The working and living conditions of the miners in Oruro around 1942-1952 were a further factor in raising Elsa's political and social consciousness. During this time Elsa had watched the miners’ demonstrations as they came down from the mines around Oruro voicing their demands for social justice. Elsa attended left groups with other young people where they discussed workers’ power, social and political justice. She was then able to fully appreciate the nature of the demands of the miners.

A third factor that consolidated her social and political awareness was her meeting with Fernando Bravo James (Potosí 1912-La Paz 1962). He was a politician, a Trotskyite, a revolutionary, a university lecturer at the Universidad Técnica de Oruro and the Universidad Mayor de San Andrés as well as a teacher. The first time Elsa caught sight of Fernando was when he was leading a demonstration protesting the massacre of miners in Catavi (1942). It was love at first sight and they eventually married in 1943 and later they had three daughters.

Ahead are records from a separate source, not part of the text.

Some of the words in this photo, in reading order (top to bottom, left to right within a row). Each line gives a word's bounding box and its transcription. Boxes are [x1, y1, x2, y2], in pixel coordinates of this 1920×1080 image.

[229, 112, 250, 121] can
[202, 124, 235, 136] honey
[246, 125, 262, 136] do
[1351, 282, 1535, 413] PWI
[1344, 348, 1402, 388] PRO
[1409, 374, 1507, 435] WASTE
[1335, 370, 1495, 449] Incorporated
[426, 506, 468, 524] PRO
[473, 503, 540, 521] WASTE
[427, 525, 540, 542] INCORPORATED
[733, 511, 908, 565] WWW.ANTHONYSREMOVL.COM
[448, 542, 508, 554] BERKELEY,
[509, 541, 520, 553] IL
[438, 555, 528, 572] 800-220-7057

=== Women's participation ===

Elsa affirmed that effective women's participation in national and international development would only come about through social struggle and that without such participation on the part of women it would in reality be impossible to reach genuine national independence.

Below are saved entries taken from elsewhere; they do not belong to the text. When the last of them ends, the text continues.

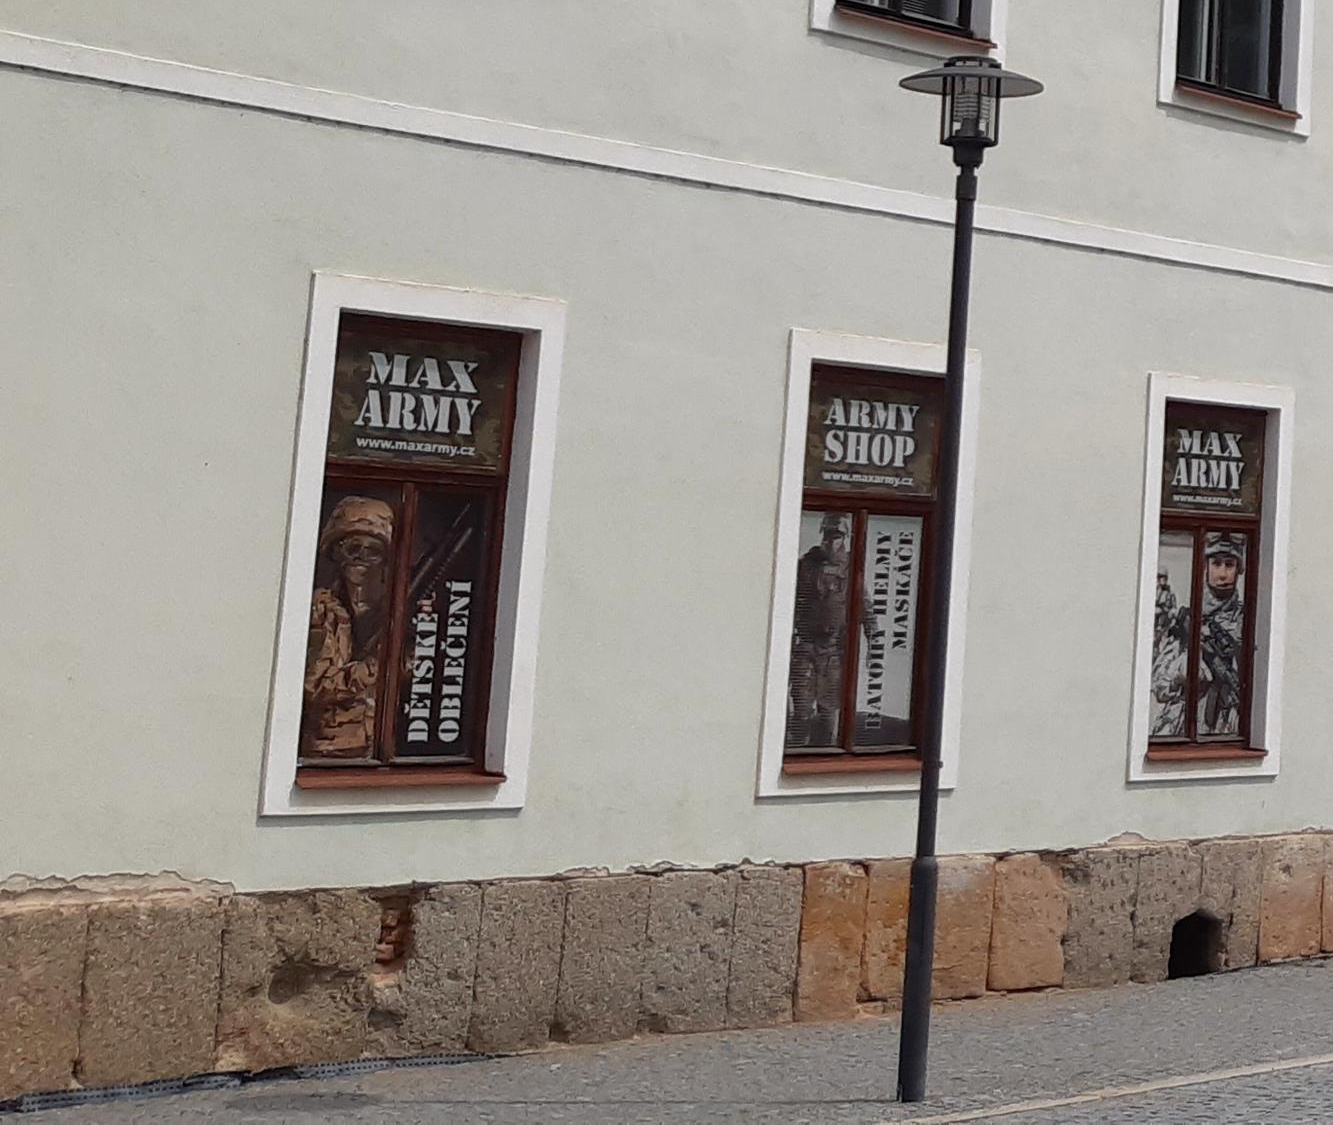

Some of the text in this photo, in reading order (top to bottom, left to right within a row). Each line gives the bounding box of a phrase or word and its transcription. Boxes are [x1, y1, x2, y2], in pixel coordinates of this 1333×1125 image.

[366, 351, 479, 394] MAX
[354, 389, 482, 435] ARMY
[823, 398, 920, 432] ARMY
[356, 437, 476, 456] www.maxarmy.cz
[824, 429, 915, 467] SHOP
[1177, 429, 1243, 457] MAX
[822, 471, 914, 487] www.maxarmy.cz
[1171, 457, 1245, 489] ARMY
[873, 531, 892, 616] HELMY
[892, 531, 914, 650] MASKÁČE
[404, 612, 439, 743] DĚTSKÉ
[437, 580, 472, 743] OBLEČENÍ

She belonged to two women's organizations “Alianza de Liberación de la Mujer Americana” (ALMA) and “Unión de Mujeres de Bolivia” (UMBO). She was a member of the leadership of ALMA in 1960. She was also among the founders of UMBO and delegate of UMBO to the “Seminario Mundial de la Mujer” (Women's World's Conference) that was held in Chile in 1972.

The policies of ALMA included propagating for women's emancipation and equal political rights, the defense of universal suffrage and the demand for equal pay for equal work.

UMBO is a national organization of an anti-imperialistic and anti-feudal nature through involvement in the struggle for peoples’ liberation, for their right to self determination, against foreign intervention in internal affairs, for respect for human rights, for promoting rights and opportunities for women equal to those of men in the administration and affairs of state.

=== Trade union leader ===
Testimony of Elsa's solidarity with the working class is evident from her energetic work. Her efforts to create a relationship between the teacher's trade union and the central umbrella unions for all workers in Bolivia: Central Obrera Departamental (COD) of La Paz and Central Obrera Boliviana (COB) which have been of importance to Bolivia.
She was not only respected as a trade union leader but also loved by the people as one of her colleagues said. As a trade unionist leader she proposed radical measures, for example, better economic conditions for teachers, workers' power, weapons for the working class under President Juan José Torres government (1970-1971) and this posture so enthralled a colleague from Venezuela that she was given the name "Maestra de profesión y revolución".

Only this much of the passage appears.